╭─ EXTRACTED RECORDS
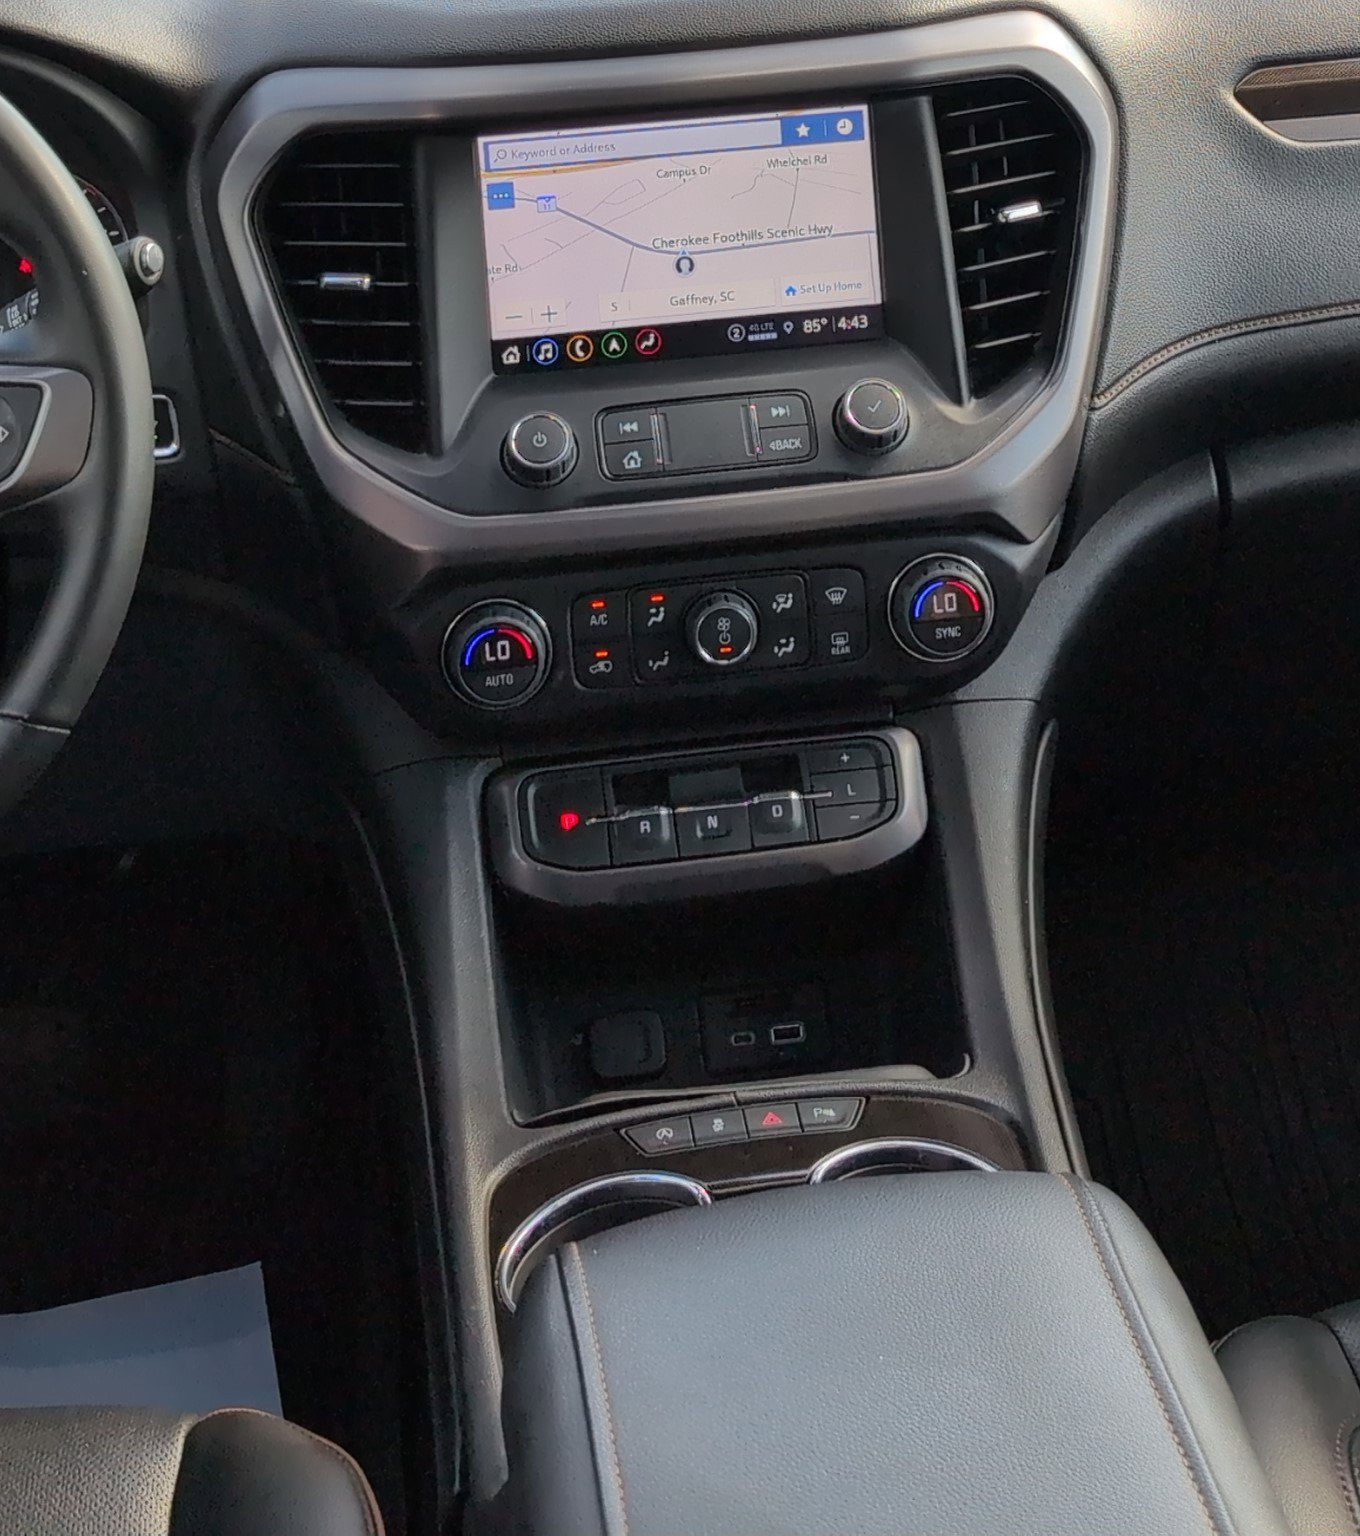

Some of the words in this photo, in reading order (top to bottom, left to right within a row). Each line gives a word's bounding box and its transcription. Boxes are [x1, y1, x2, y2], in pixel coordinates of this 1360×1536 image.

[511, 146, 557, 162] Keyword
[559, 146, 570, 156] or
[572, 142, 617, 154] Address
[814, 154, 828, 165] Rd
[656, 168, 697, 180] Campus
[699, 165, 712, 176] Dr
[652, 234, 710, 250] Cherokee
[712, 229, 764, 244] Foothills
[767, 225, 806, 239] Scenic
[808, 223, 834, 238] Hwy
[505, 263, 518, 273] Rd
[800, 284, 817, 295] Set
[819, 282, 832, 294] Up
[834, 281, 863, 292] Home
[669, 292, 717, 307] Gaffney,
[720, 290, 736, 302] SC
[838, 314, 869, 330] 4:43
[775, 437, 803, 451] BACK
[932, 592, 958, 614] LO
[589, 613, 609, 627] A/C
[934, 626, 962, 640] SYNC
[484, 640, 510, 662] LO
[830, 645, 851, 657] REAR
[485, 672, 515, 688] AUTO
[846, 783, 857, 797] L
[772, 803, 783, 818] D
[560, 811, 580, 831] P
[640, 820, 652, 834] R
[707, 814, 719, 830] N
╰─
• WHAT YOU WILL DO
No pictures belong in the answer; copy all other parts of the listing exactly.

• EXERCISE RESPONSE
Some of the words in this photo, in reading order (top to bottom, left to right within a row). Each line gives a word's bounding box and its transcription. Boxes are [x1, y1, x2, y2], in pixel coordinates of this 1360×1536 image.

[511, 146, 557, 162] Keyword
[559, 146, 570, 156] or
[572, 142, 617, 154] Address
[814, 154, 828, 165] Rd
[656, 168, 697, 180] Campus
[699, 165, 712, 176] Dr
[652, 234, 710, 250] Cherokee
[712, 229, 764, 244] Foothills
[767, 225, 806, 239] Scenic
[808, 223, 834, 238] Hwy
[505, 263, 518, 273] Rd
[800, 284, 817, 295] Set
[819, 282, 832, 294] Up
[834, 281, 863, 292] Home
[669, 292, 717, 307] Gaffney,
[720, 290, 736, 302] SC
[838, 314, 869, 330] 4:43
[775, 437, 803, 451] BACK
[932, 592, 958, 614] LO
[589, 613, 609, 627] A/C
[934, 626, 962, 640] SYNC
[484, 640, 510, 662] LO
[830, 645, 851, 657] REAR
[485, 672, 515, 688] AUTO
[846, 783, 857, 797] L
[772, 803, 783, 818] D
[560, 811, 580, 831] P
[640, 820, 652, 834] R
[707, 814, 719, 830] N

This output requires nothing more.